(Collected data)
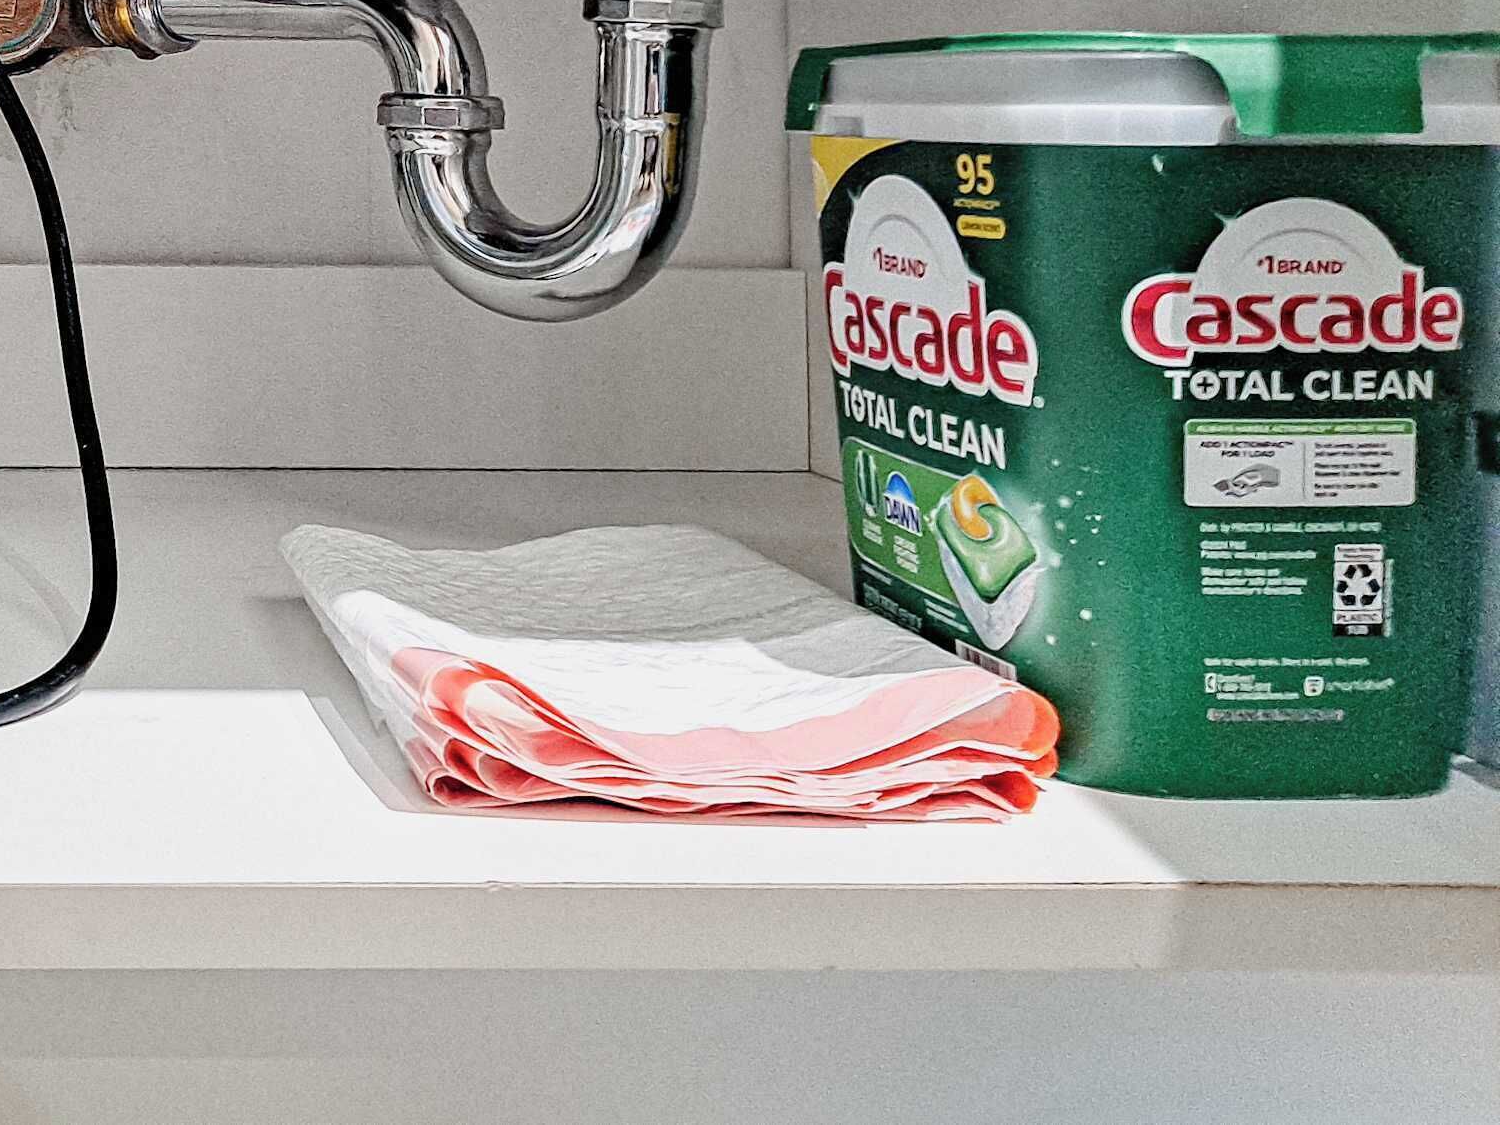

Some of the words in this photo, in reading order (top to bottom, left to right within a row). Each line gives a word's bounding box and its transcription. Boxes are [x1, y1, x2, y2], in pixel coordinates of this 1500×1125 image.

[955, 153, 996, 196] 95
[1277, 258, 1344, 275] BRAND
[824, 270, 1030, 394] Cascade
[1130, 272, 1459, 359] Cascade
[1164, 369, 1295, 401] TOTAL
[1302, 369, 1434, 401] CLEAN
[838, 379, 906, 439] TOTAL
[907, 404, 1007, 471] CLEAN
[883, 496, 921, 536] DAWN
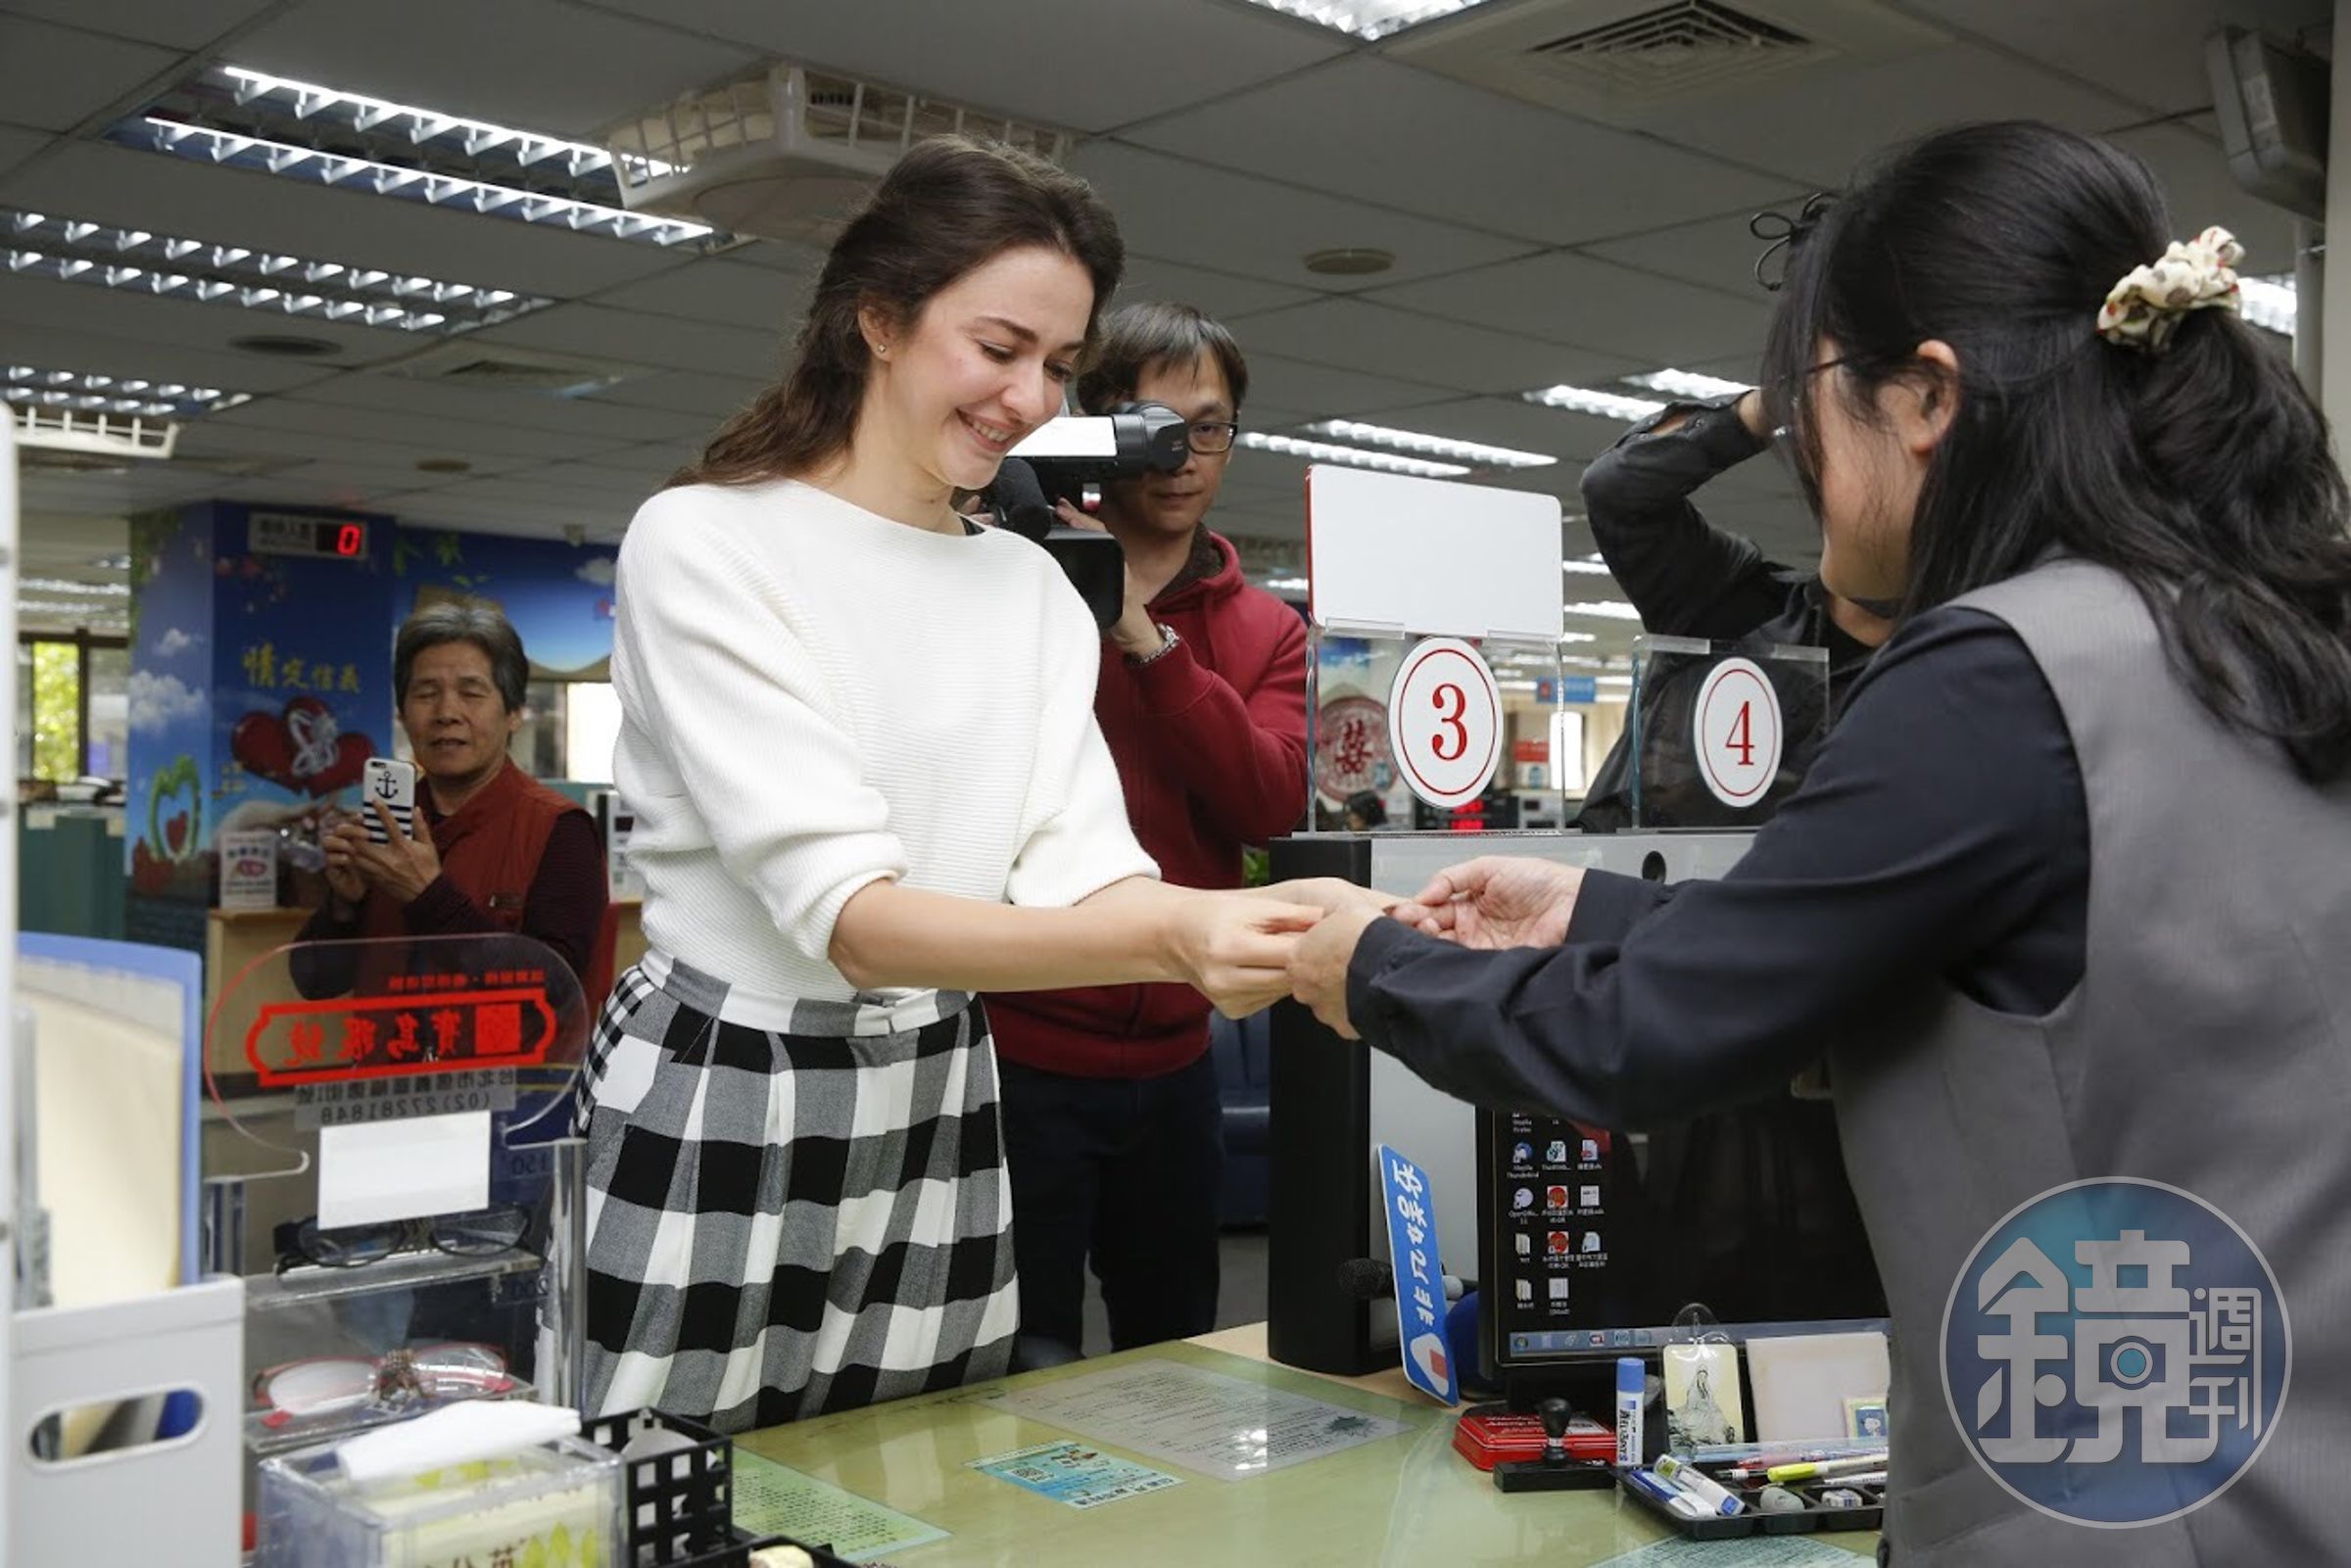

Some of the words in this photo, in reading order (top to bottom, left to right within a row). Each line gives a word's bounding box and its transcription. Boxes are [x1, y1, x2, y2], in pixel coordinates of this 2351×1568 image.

Instructions for the task — Give the records again exactly, pictures left out.

Your response —
Some of the words in this photo, in reading order (top to bottom, left to right within a row). Each line gives a word's bounding box and its transcription. Boxes are [x1, y1, x2, y2], in pixel coordinates of this 1500×1125 image.

[955, 153, 996, 196] 95
[1277, 258, 1344, 275] BRAND
[824, 270, 1030, 394] Cascade
[1130, 272, 1459, 359] Cascade
[1164, 369, 1295, 401] TOTAL
[1302, 369, 1434, 401] CLEAN
[838, 379, 906, 439] TOTAL
[907, 404, 1007, 471] CLEAN
[883, 496, 921, 536] DAWN

Some of the words in this photo, in reading order (top to bottom, left to right within a row). Each line gives a word's bounding box and its transcription. Boxes are [x1, y1, x2, y2], in pixel coordinates of this 2351×1568 image.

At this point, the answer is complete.